Chelonides Temporal range: Kimmeridgian PreꞒ Ꞓ O S D C P T J K Pg N

Scientific classification
- Domain: Eukaryota
- Kingdom: Animalia
- Phylum: Chordata
- Class: Reptilia
- Clade: Pantestudines
- Clade: Testudinata
- Clade: †Thalassochelydia
- Family: †Eurysternidae
- Genus: †Chelonides Maack, 1869
- Type species: Chelonides wittei Maack, 1869

= Chelonides =

Extinct genus of turtles

Chelonides is a genus of late Jurassic turtle from marine deposits in Lower Saxony, Germany.

==Taxonomy==
The name Chelonides wittei was coined by Maack (1869) for a partial shell (GZG 773–1) a partial skull (GZG 773–2), and isolated shell and girdle elements (GZG 773–3 to 773–17) from Hannover, northwestern Germany. Later, Portis (1878) erected a second species, C. robusta, for elements of the shell (GZG 769–11 to 769–19). Hay (1905) considered Chelonides preoccupied without comment and erected Anaphotidemys as a replacement. Kuhn (1964) mistakenly considered the genus preoccupied by Chelonides Boisduval, 1840, a tribe of nocturnal lepidopterans.
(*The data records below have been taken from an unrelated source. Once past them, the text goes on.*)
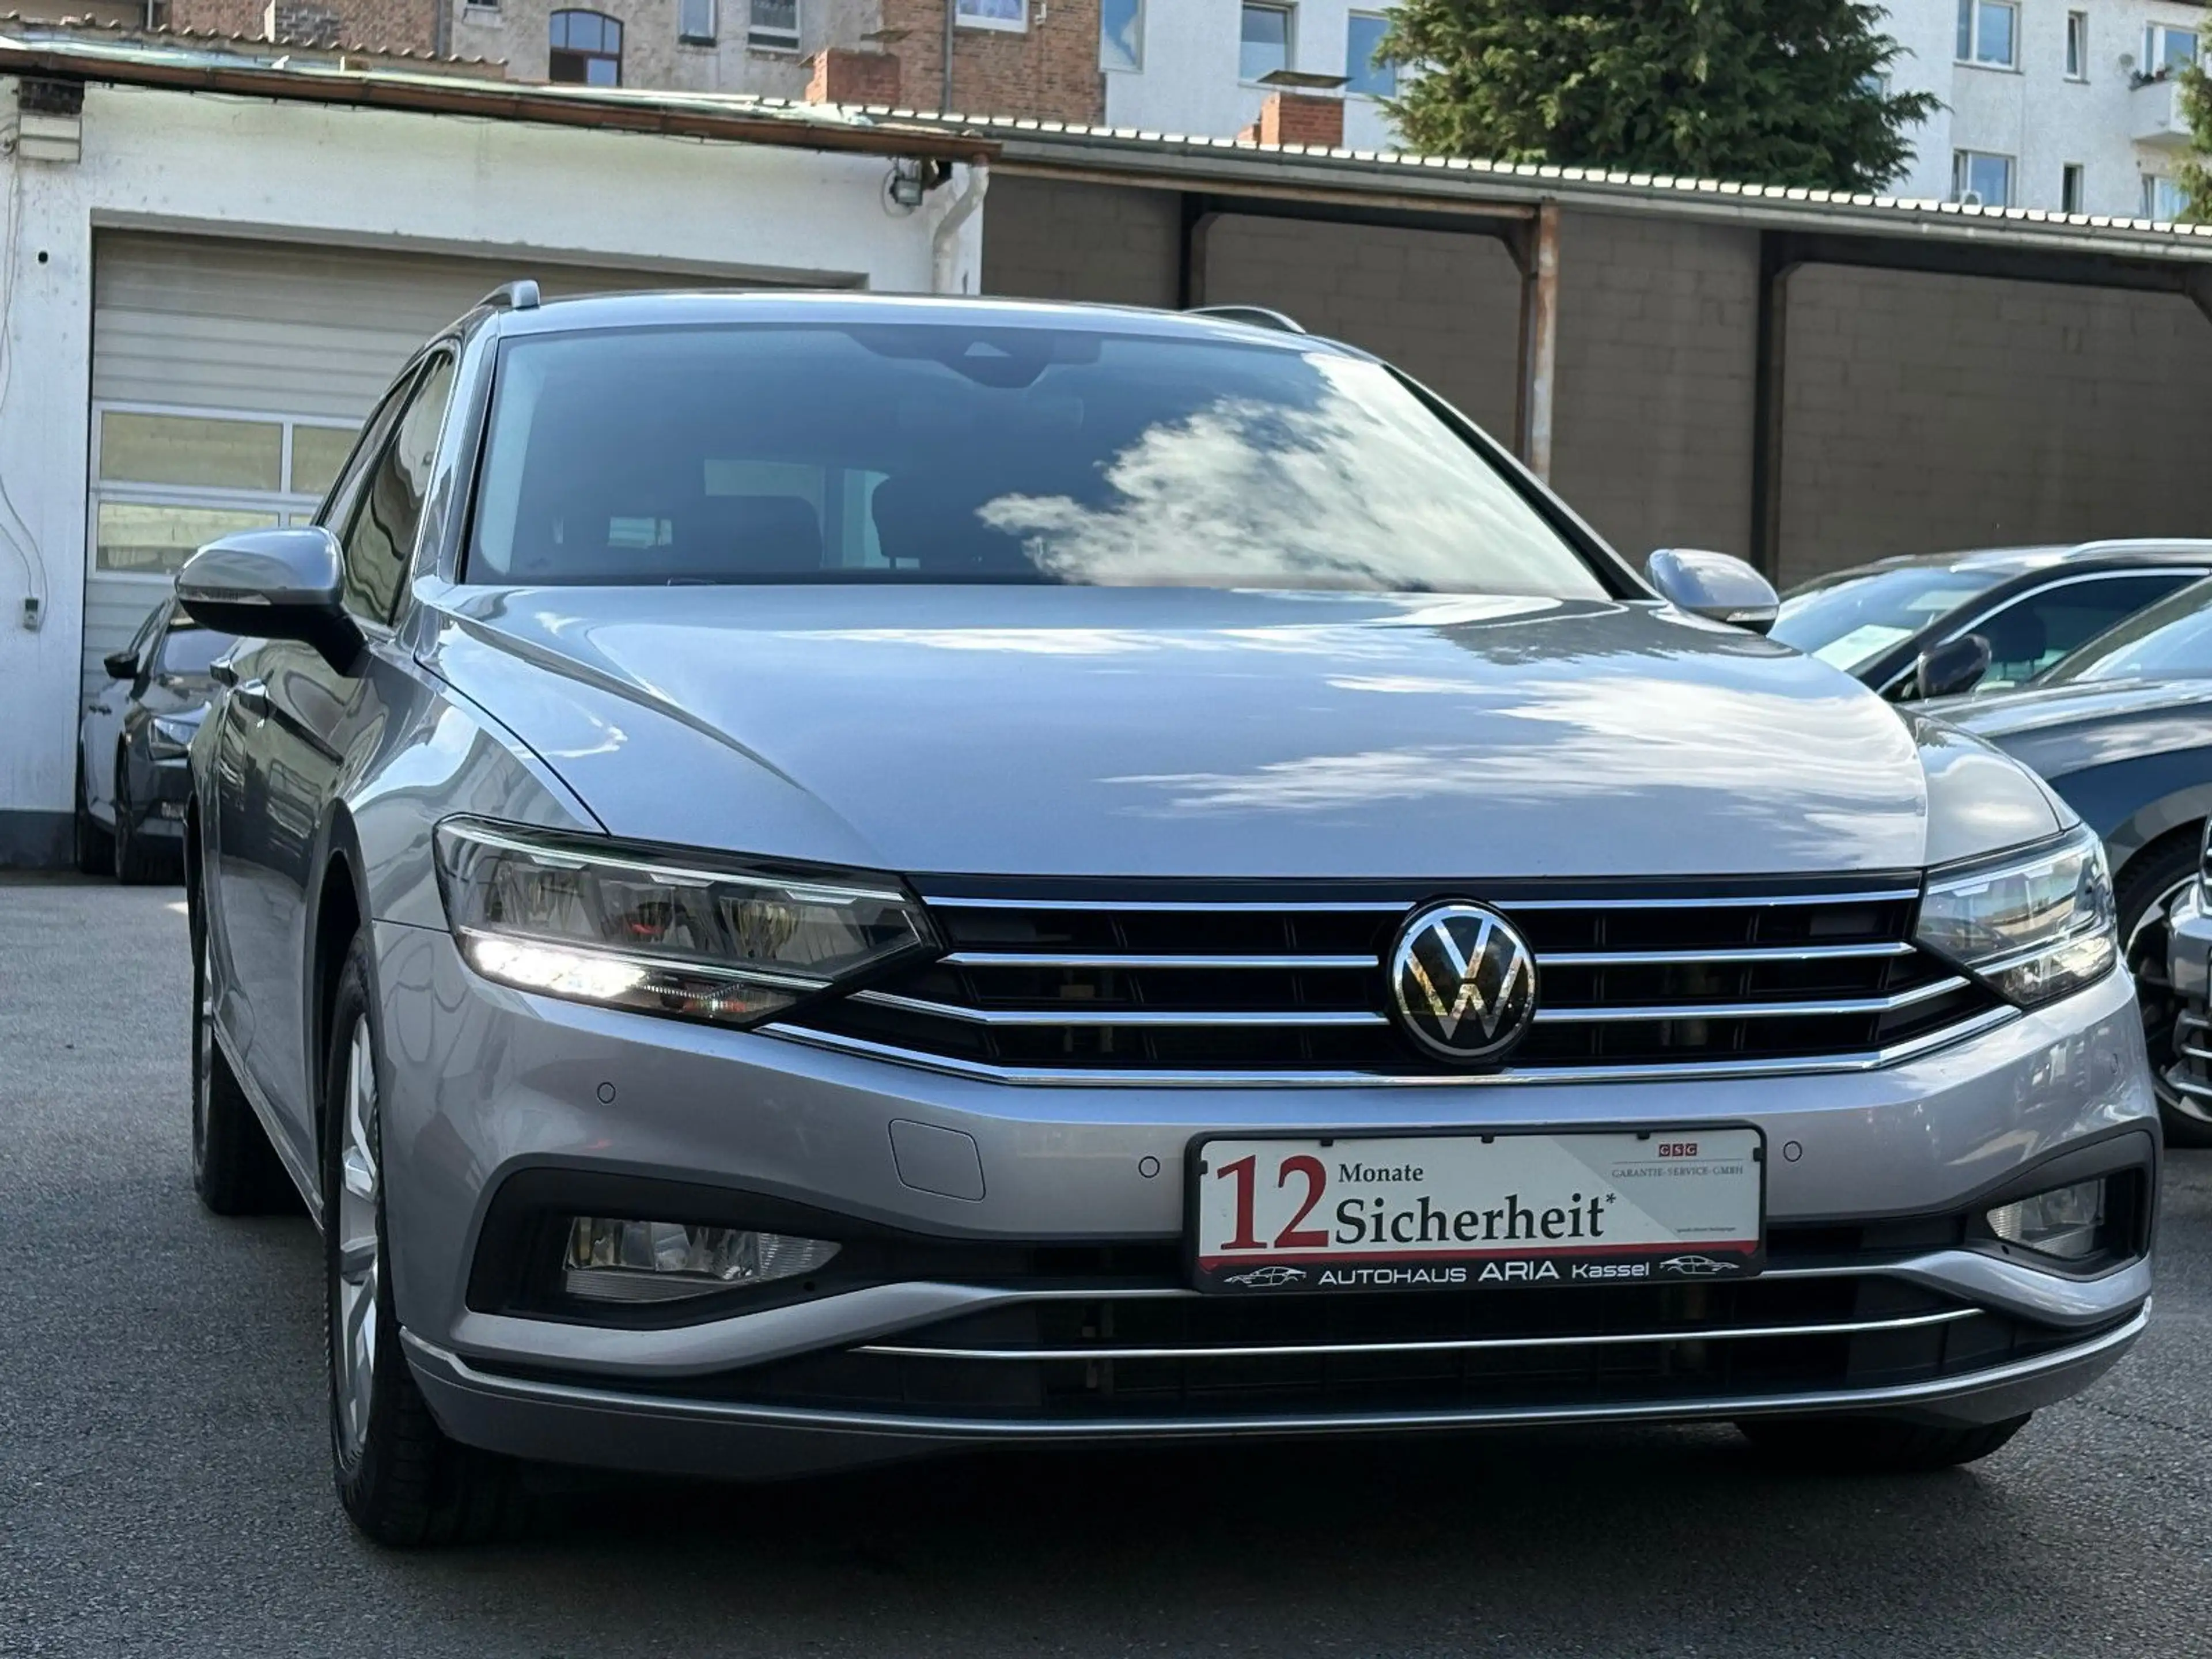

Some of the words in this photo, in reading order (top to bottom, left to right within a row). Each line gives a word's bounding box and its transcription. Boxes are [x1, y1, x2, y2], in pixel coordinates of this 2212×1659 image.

[1402, 911, 1528, 1043] VW
[1217, 1154, 1329, 1250] 12
[1338, 1162, 1424, 1183] Monate
[1318, 1268, 1467, 1285] AUTOHAUS
[1478, 1260, 1560, 1283] ARIA
[1571, 1262, 1649, 1279] Kassel
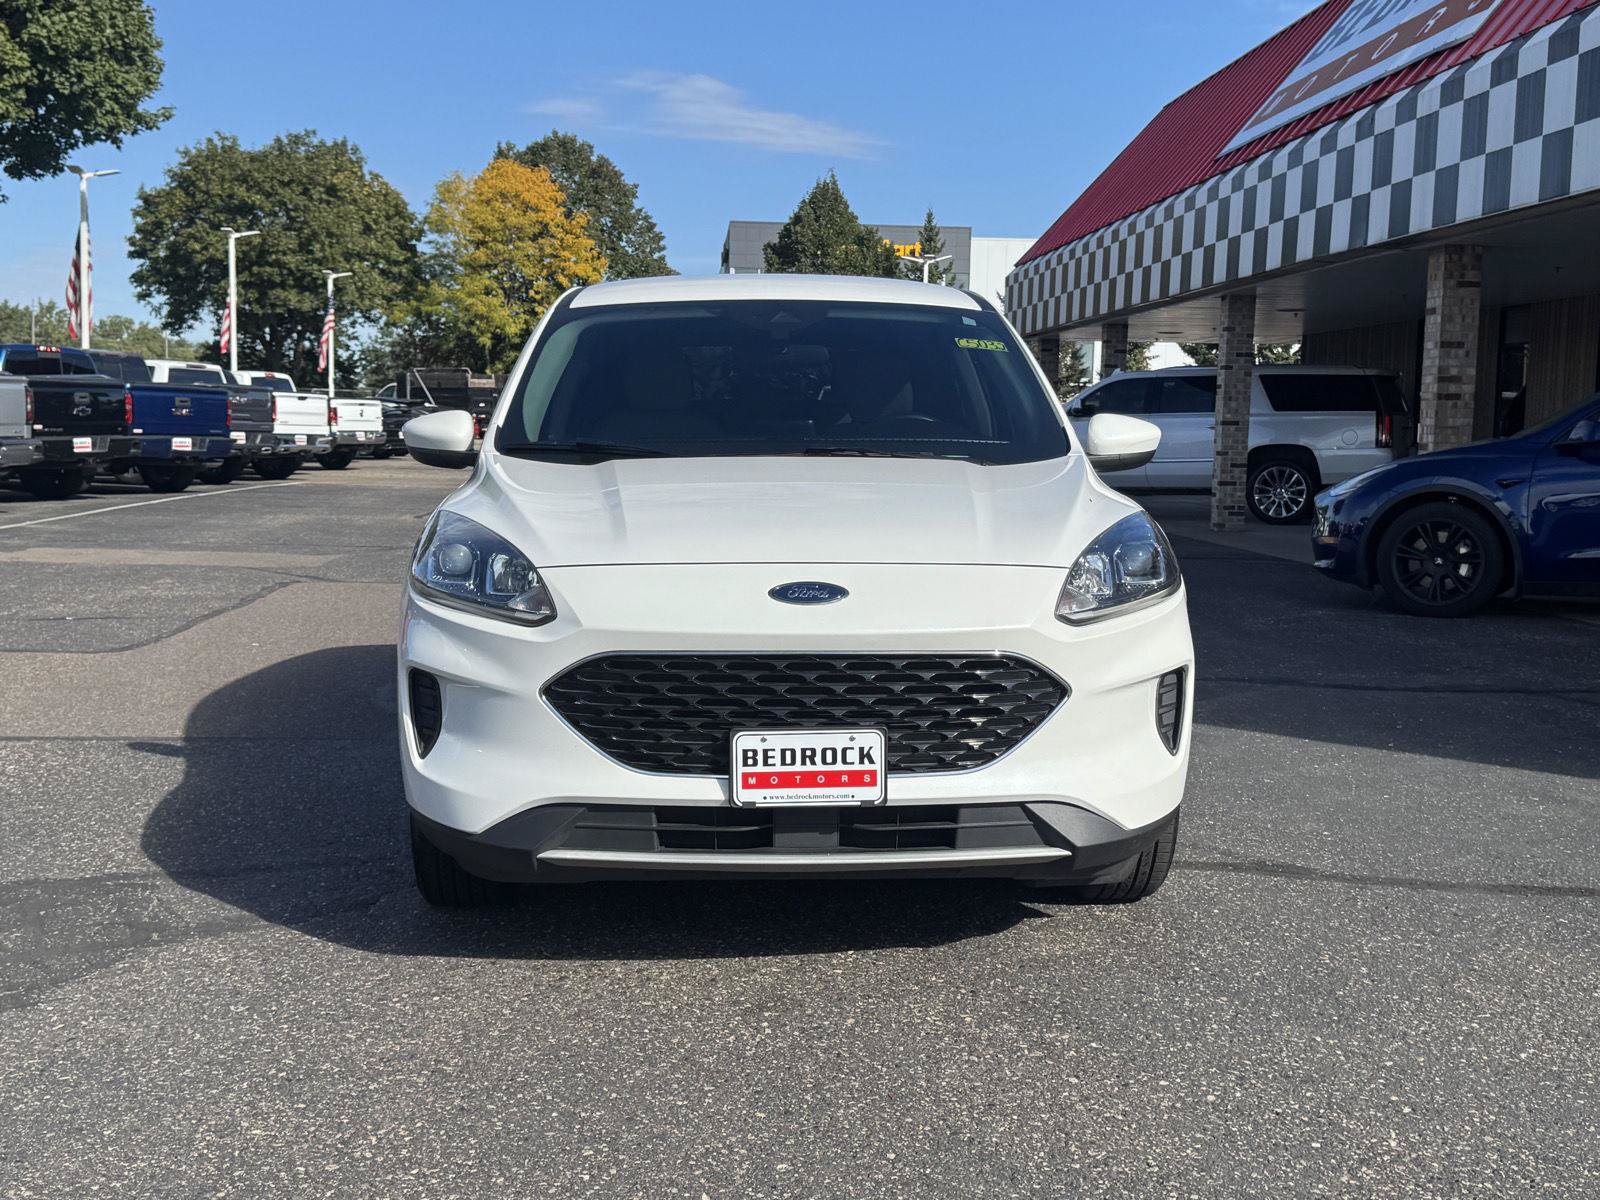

In their overview of Upper Jurassic and Early Cretaceous turtles from northwestern Germany, Karl et al. (2007) treated the two nominal Chelonides species as synonymous with the plesiochelyid Plesiochelys without justification. A 2017 overview of thalassochelydians, however, indicates that Chelonides is a valid genus of eurysternid, although, C. robusta is a nomen dubium.